Spellbooks in D&D can be boring. We live in such a book-rich society, with the printing press and cheap paperbacks and libraries and bookstores, that we forget that at once upon a time the proper reaction was probably more like holy crap! you own a book! The pre-Gutenberg codex was a work of art, requiring intensive labor to produce. In some instances they were literally chained to the desk where you would read them, in order to prevent theft of these valuable resources. For certain milieus a filthy adventurer owning a book is kinda like going over to your buddy's crappy studio apartment and seeing an original Picasso on the wall.
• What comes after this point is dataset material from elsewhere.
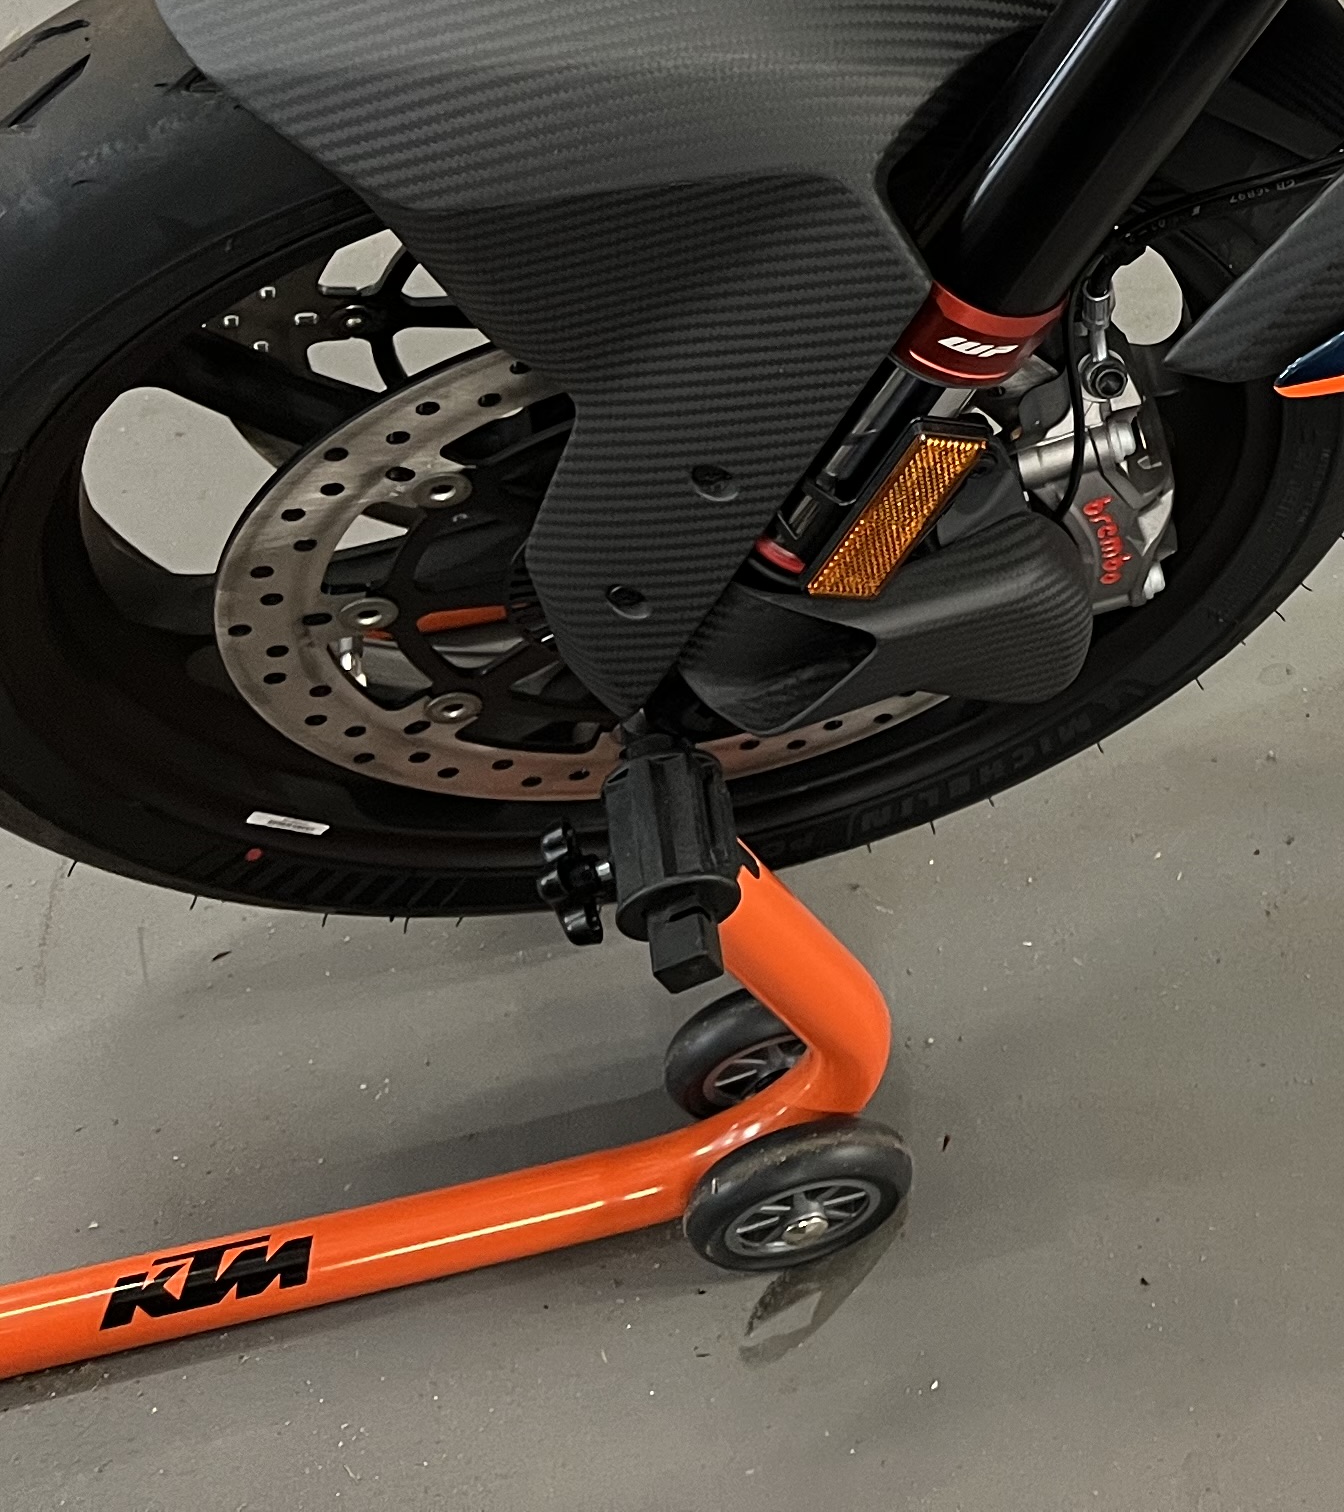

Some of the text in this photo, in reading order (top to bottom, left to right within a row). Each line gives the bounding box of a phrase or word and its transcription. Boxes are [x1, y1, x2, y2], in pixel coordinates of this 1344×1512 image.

[1081, 494, 1133, 587] brembo
[860, 710, 1093, 833] MICHELIN
[100, 1234, 313, 1331] KTM
Not utterly impossible, but it makes you want to ask impolite questions like "Is the rest of your stuff cheap junk because you spend all your money on your art obsession?" or "Hey, man, are you some kind of international art thief?"
That's why for my next go at my 12th century faux-England campaign I've decided that spellbooks are basically artifact type objects rather than the users manuals for arcane systems operators they tend to come off as. The Call of Cthulhu tome rules and Ed Greenwood's "Pages from the Mages" series in Dragon heavily influenced this decision. As did reading a couple real historical grimoires, the problems surrounding the textual transmission of the works of Shakespeare, unearthed manuscripts like the Dead Sea Scrolls and Nag Hammadi Library, and the enigma of the Voynich Manuscript.
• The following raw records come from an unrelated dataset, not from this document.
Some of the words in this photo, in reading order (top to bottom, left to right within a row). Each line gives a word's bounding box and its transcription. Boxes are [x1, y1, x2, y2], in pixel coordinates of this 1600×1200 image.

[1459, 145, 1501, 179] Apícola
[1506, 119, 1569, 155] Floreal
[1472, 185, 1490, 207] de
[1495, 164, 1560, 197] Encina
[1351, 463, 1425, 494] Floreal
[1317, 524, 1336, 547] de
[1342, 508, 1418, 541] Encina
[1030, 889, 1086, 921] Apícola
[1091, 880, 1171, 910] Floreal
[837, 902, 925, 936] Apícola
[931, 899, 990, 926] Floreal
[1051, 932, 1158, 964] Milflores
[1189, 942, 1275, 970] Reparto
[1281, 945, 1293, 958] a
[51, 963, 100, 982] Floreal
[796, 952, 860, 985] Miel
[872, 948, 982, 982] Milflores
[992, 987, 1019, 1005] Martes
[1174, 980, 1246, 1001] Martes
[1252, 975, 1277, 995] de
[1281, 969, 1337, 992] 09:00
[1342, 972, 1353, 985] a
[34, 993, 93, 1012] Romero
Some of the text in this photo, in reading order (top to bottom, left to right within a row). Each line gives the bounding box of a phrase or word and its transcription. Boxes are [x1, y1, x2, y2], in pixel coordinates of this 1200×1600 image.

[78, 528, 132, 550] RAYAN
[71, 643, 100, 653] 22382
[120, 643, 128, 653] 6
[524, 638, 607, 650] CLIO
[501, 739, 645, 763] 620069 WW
So now I've got a spreadsheet I've been working on, with the goal that each spellbook can be treated as an individual object. Here are the current fields, with some comments:
common name
alt name - Many of these books have more than one name, which makes tracking them down a big ol' pain in the butt.
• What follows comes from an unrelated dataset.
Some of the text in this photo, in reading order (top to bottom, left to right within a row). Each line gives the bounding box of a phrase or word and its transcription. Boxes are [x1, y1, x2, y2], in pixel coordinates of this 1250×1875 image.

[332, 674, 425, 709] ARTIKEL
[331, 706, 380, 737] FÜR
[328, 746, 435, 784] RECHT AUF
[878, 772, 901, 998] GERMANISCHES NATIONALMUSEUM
language - I don't use read magic for spellbooks. Instead that spell "unlocks" scrolls and doubles as identify for any magic item that has runes on it. I think OD&D will back up this interpretation.
date
author
past owners - "Your spellbook was once owned by Merlin." How cool is that?
blasphemy - Spellbooks aren't strictly how-to guides written in a vacuum. Each comes with a context that a canny reader can puzzle out. And since pretty much all wizards are cranks, heretics, pagans and/or crazies, this means that one or more passages or implications in a spellbook will offend the sensibilities of the strictly orthodox and question the worldview of the open minded. The historical nature of my campaign makes this a lot easier to pull off effectively, I suspect. In a totally made-up world you're going to have to work hard to come up with a convincing blasphemy. In Wessex I can get away with things like "The Holy Spirit is a woman, God's wife and Christ's mother" or "Satan isn't a rebel, he's God's double agent." My only concern is that the World of Darkness probably ran this sort of stuff into the ground, making it completely uninteresting to Vampire fans.
comment - vague catchall
Spell 1
Spell 2
Spell 3
Spell 4
Spell 5
Spell 6 - Capping level advancement to 10th means I can get away with pretty short lists of spells. Just to make life rough for the PCs, fireball will only be appearing in a single grimoire, which starts in the hands of one of the active NPC wizards. (Active NPC wizards have their own file.)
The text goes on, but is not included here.